En general, la fusión entre las secuencias
peptídicas de la avidina o estreptavidina y las secuencias
peptídicas del receptor se produce entre el dominio extracelular de
la proteína receptor y cualquier sitio fuera de del sitio de unión
para la biotina de la avidina o estreptavidina.
El ejemplo siguiente ilustra la invención.
Se creó una construcción de ADN entre el receptor
barredor bovino de clase A (ScR) (Kodama et al. (1990),
Nature 343:531-535) y avidina (Green (1975).
Adv. Prot. Chem. 29:85-133) que codifica una
proteína con un dominio ScR citoplásmico, un dominio transmembrana
y un dominio en hélice \alpha ligado a un dominio de unión a la
biotina. En SEC ID nº 2 se muestra la secuencia completa de
aminoácidos de la proteína de fusión en la que los aminoácidos
1-53 representan el dominio citoplásmico, los
aminoácidos 55-79 representan el dominio
transmembrana, los aminoácidos 81-111 representan un
dominio espaciador y los aminoácidos 113-272
representan el dominio plegado en hélice \alpha. Los aminoácidos
273-400 representan la secuencia peptídica madura de
la avidina derivada del ADNc de avidina (Gope et al. (1987)
Nucleic Acid Res. 15:3595-3606) carente de señal de
secreción.
Brevemente, el ADNc del ScR se obtuvo de células
en cultivo previamente transfectadas con un plásmido (PLScRNL) que
contenía el ADNc del ScR con un promotor interno virus del sarcoma
de Rous y sitios de restricción HindIII. El ADNc aislado se
insertó posteriormente en un sitio HindIII del vector
retroviral pLS1ARNL. El ADNc de la avidina fue producido por la
reacción en cadena de la polimerasa y posteriormente se insertó en
el vector retroviral en el sitio de restricción Sty 1 del ADNc de
ScR. El ADNc de la invención se muestra como SEC ID nº 1 en el que
los nucleótidos 1-989 representan una repetición
terminal larga de Mo-MuSV, los nucleótidos
1071-2270 representan la región codificadora de la
proteína de fusión, los nucleótidos 2376-3101
representan una región no traducida del ADNc del receptor barredor
bovino I, los nucleótidos 3107-3376 representan una
región promotora RSV, los nucleótidos 3727-4522
representan un gen neo R y los nucleótidos 4540-5177
representan una repetición terminal larga de
Mo-MuLV.
Las figuras 2 y 3 se refieren al procedimiento
usado en este ejemplo. Más específicamente, la Fig. 2 muestra cómo
el ADNc de ScR con un promotor interno virus RSV fue cortado del
plásmido pLScRNL por la HindIII y clonado en un sitio
HindIII en un vector versátil. La Fig. 3 muestra cómo se
clonó el ADNc de ScR-avidina-RSV en
un sitio HindIII en un retrovirus vector.

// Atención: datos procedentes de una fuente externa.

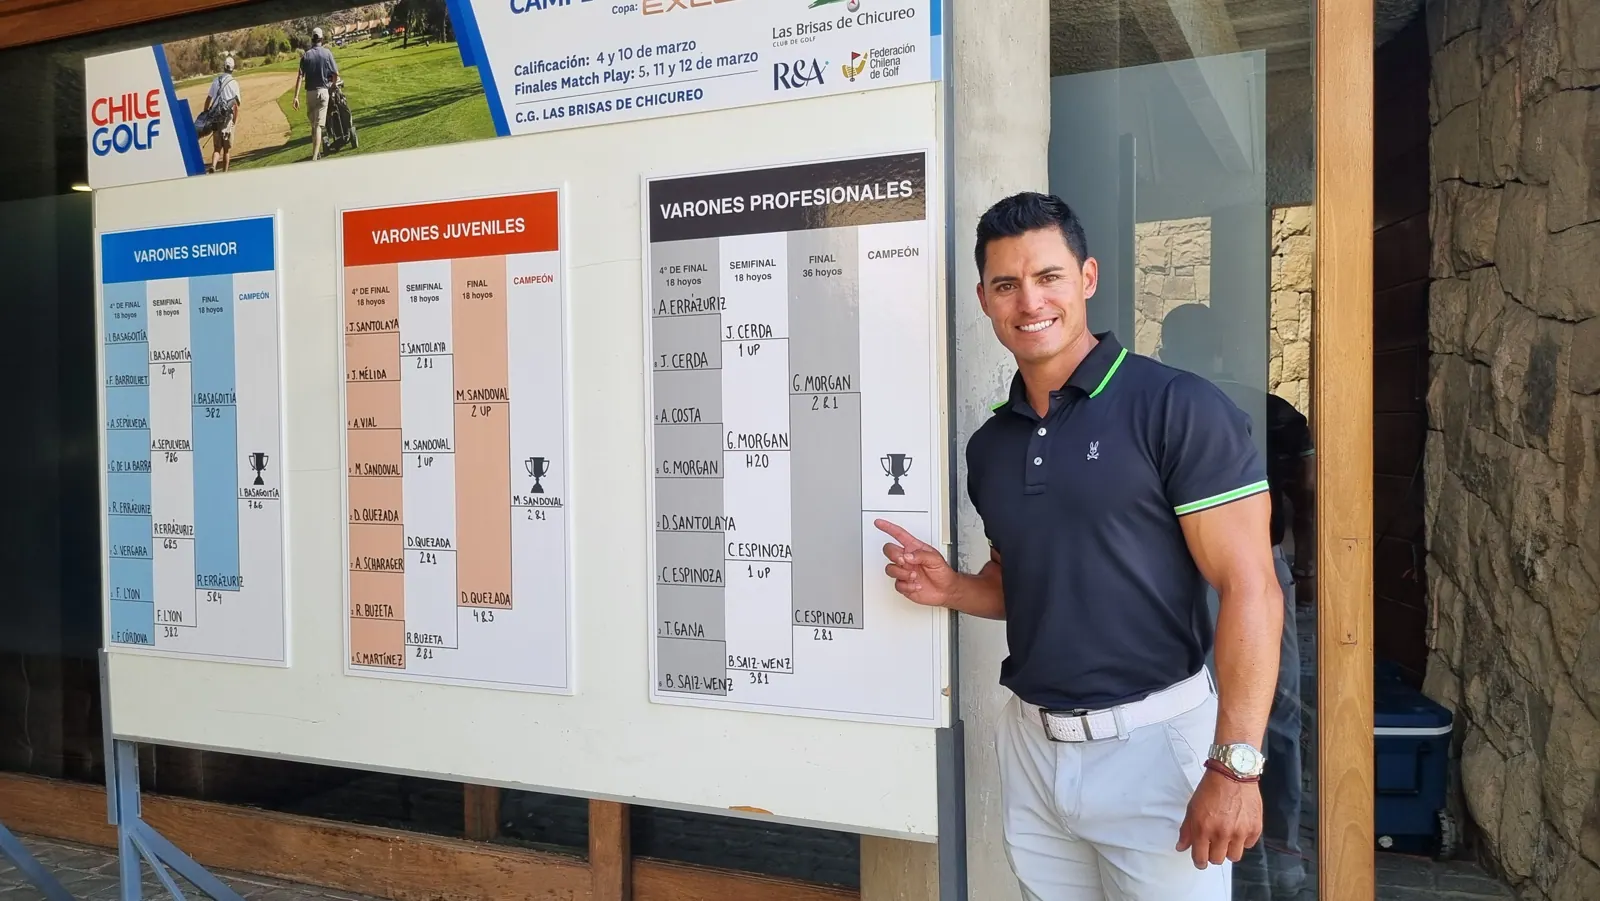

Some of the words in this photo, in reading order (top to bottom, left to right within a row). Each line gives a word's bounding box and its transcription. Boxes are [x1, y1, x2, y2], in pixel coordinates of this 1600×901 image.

[612, 4, 638, 15] Copa:
[772, 27, 792, 39] Las
[796, 20, 833, 36] Brisas
[836, 16, 853, 29] de
[856, 7, 915, 26] Chicureo
[772, 39, 789, 48] CLUB
[790, 38, 798, 46] DE
[800, 36, 816, 44] GOLF
[869, 43, 915, 58] Federación
[514, 55, 590, 76] Calificación:
[596, 52, 605, 64] 4
[608, 52, 615, 66] y
[618, 47, 633, 61] 10
[636, 44, 653, 59] de
[656, 40, 697, 56] marzo
[869, 57, 901, 69] Chilena
[514, 79, 557, 96] Finales
[561, 72, 600, 89] Match
[603, 69, 635, 84] Play:
[638, 65, 650, 78] 5,
[653, 62, 664, 76] 11
[668, 63, 676, 78] y
[679, 58, 693, 72] 12
[696, 55, 713, 70] de
[716, 51, 758, 68] marzo
[773, 58, 829, 90] R&A
[869, 70, 880, 80] de
[882, 66, 900, 78] Golf
[91, 89, 160, 126] CHILE
[515, 110, 540, 124] C.G.
[543, 107, 566, 120] LAS
[568, 100, 613, 117] BRISAS
[616, 98, 633, 111] DE
[635, 88, 704, 108] CHICUREO
[92, 119, 161, 157] GOLF
[660, 196, 745, 220] VARONES
[750, 180, 913, 212] PROFESIONALES
[371, 225, 440, 245] VARONES
[443, 217, 526, 239] JUVENILES
[133, 246, 189, 263] VARONES
[191, 241, 237, 259] SENIOR
[808, 254, 836, 264] FINAL
[867, 246, 920, 260] CAMPEÓN
[670, 265, 681, 274] DE
[684, 264, 708, 273] FINAL
[729, 258, 777, 270] SEMIFINAL
[513, 273, 554, 285] CAMPEÓN
[734, 273, 745, 282] 18
[746, 272, 772, 283] hoyos
[802, 269, 813, 278] 36
[815, 268, 843, 278] hoyos
[406, 282, 444, 292] SEMIFINAL
[466, 279, 489, 288] FINAL
[666, 278, 676, 287] 18
[677, 277, 702, 287] hoyos
[238, 290, 270, 301] CAMPEÓN
[360, 287, 370, 295] DE
[371, 285, 390, 294] FINAL
[461, 292, 471, 300] 18
[471, 291, 494, 301] hoyos
[124, 301, 141, 309] FINAL
[152, 299, 183, 307] SEMIFINAL
[201, 295, 220, 303] FINAL
[357, 298, 364, 306] 18
[365, 298, 386, 307] hoyos
[409, 295, 418, 303] 18
[419, 294, 440, 304] hoyos
[120, 312, 138, 320] hoyos
[156, 309, 163, 317] 18
[163, 309, 180, 318] hoyos
[198, 306, 206, 314] 18
[205, 306, 224, 315] hoyos
[737, 323, 773, 339] CERDA
[738, 343, 743, 357] 1
[671, 351, 709, 369] CERDA
[804, 373, 852, 392] MORGAN
[467, 387, 511, 401] SANDOVAL
[471, 404, 478, 418] 2
[480, 405, 493, 417] UP
[671, 407, 702, 423] COSTA
[738, 432, 788, 449] MORGAN
[417, 454, 422, 468] 1
[673, 459, 718, 476] MORGAN
[362, 508, 400, 522] QUEZADA
[120, 545, 148, 557] VERGARA
[672, 566, 722, 584] ESPINOZA
[747, 564, 753, 578] 1
[123, 587, 141, 600] LYON
[364, 603, 394, 617] BUZETA

La expresión de la proteína de fusión en las
células transfectadas con el vector puede confirmarse mediante
transferencia Northern y tinción inmunocitoquímica con un
anticuerpo anti avidina.
Los experimentos han revelado que el transcrito
ARNm completo fue traducido en monómeros de 55 kDa, capaces de
formar estructuras secundarias de dímeros de 110 kDa unidos por
enlaces S-S en condiciones no reductoras. Usando
condiciones de desnaturalización se detectaron péptidos diméricos
de 110 kDa y péptidos monoméricos de 55 kDa, aproximadamente. El
resultado es comparable al del cálculo computarizado de la proteína
de fusión monomérica, 45 kDa. En condiciones de no
desnaturalización (es decir, usando acetilación antes de la
transferencia Western) la señal más intensa fue aproximadamente de
220 kDa, que fue desnaturalizada a un dímero de 110 kDa y un
monómero de 55 kDa, aproximadamente, lo que sugiere la formación de
tetrámeros. La presencia de la proteína de 220 kDa se comprobó
también usando agentes de enlaces cruzados, por ejemplo, ésteres
NHS. Los resultados muestran que la avidina permanece soluble y
puede formar tetrámeros incluso cuando está unida a los dominios
transmembrana de los receptores de endocitosis.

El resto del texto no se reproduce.